Home > Other > The Resurrectionist > Page 14
The Resurrectionist Page 14

by Jackson, Gil


  ‘If you tell him,’ Sarah had said.

  ‘Well now, I’m telling you,’ he said. ‘And how you landed me as your boss.’

  David gave him a look of disapproval but Charlie stared straight back at him. He was not of the mind to be intimidated and David had momentarily overlooked the man he was and politely nodded his respect.

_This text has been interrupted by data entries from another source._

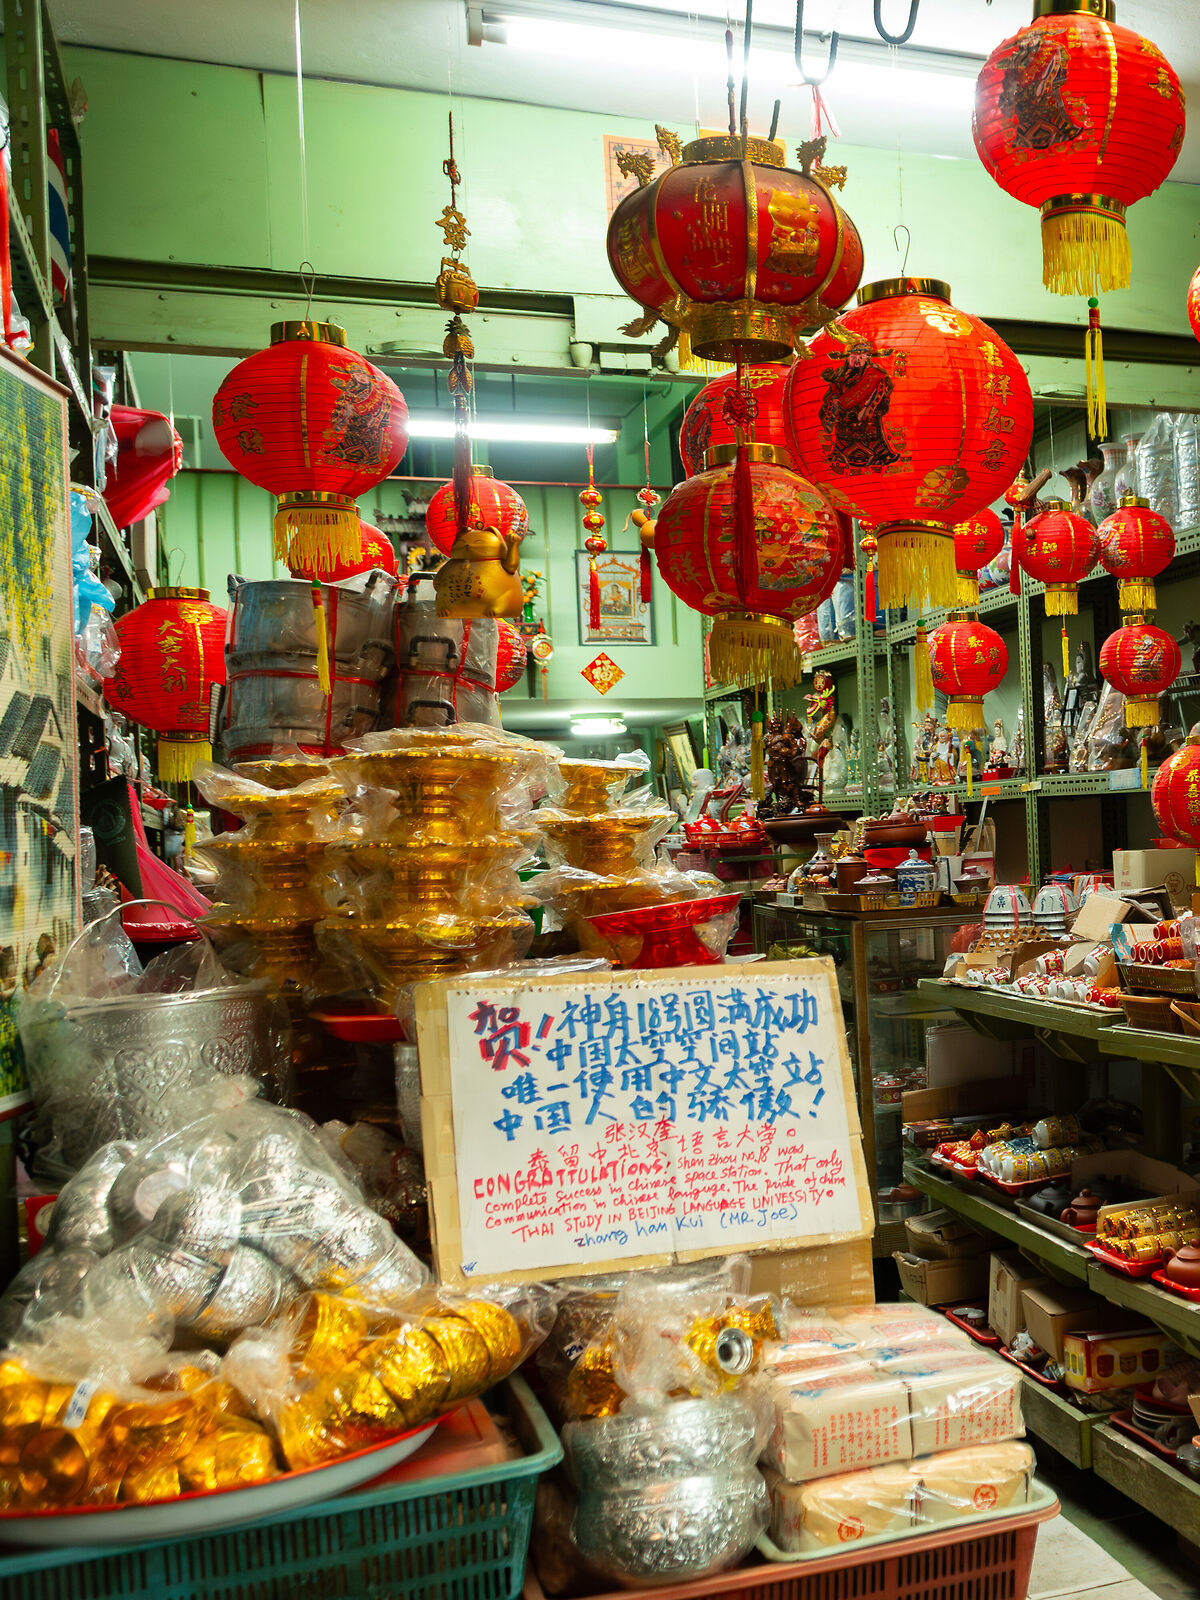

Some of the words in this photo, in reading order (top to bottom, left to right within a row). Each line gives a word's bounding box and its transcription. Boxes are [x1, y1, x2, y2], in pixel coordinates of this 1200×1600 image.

[976, 340, 1016, 472] 吉祥如意
[665, 502, 705, 592] 吉祥
[155, 619, 189, 693] 大吉大利
[608, 1184, 622, 1194] in
[684, 1170, 719, 1190] space
[774, 1154, 816, 1177] That
[815, 1149, 843, 1175] only
[777, 1143, 805, 1158] was
[593, 1199, 607, 1209] in
[732, 1179, 759, 1195] The
[803, 1171, 816, 1190] of
[511, 1223, 554, 1243] THAI
[608, 1213, 622, 1224] IN
[628, 1203, 676, 1222] BEIJING

  Charlie changed his manner back to the gentler image that David was more used to. That same manner that he had tailored out of his closeness to Sarah since the death of her husband; the tempering of his hardness had not come easy, for he always thought that it might be called on again someday — he hoped not, but thought the bastard might reassert himself someday; he was too flash to do otherwise. And David knows the whole story, and I pray to God that Giuseppi is unaware of the new trail boss.

  Charlie broke his thinking. ‘When you got to go to Mexico?’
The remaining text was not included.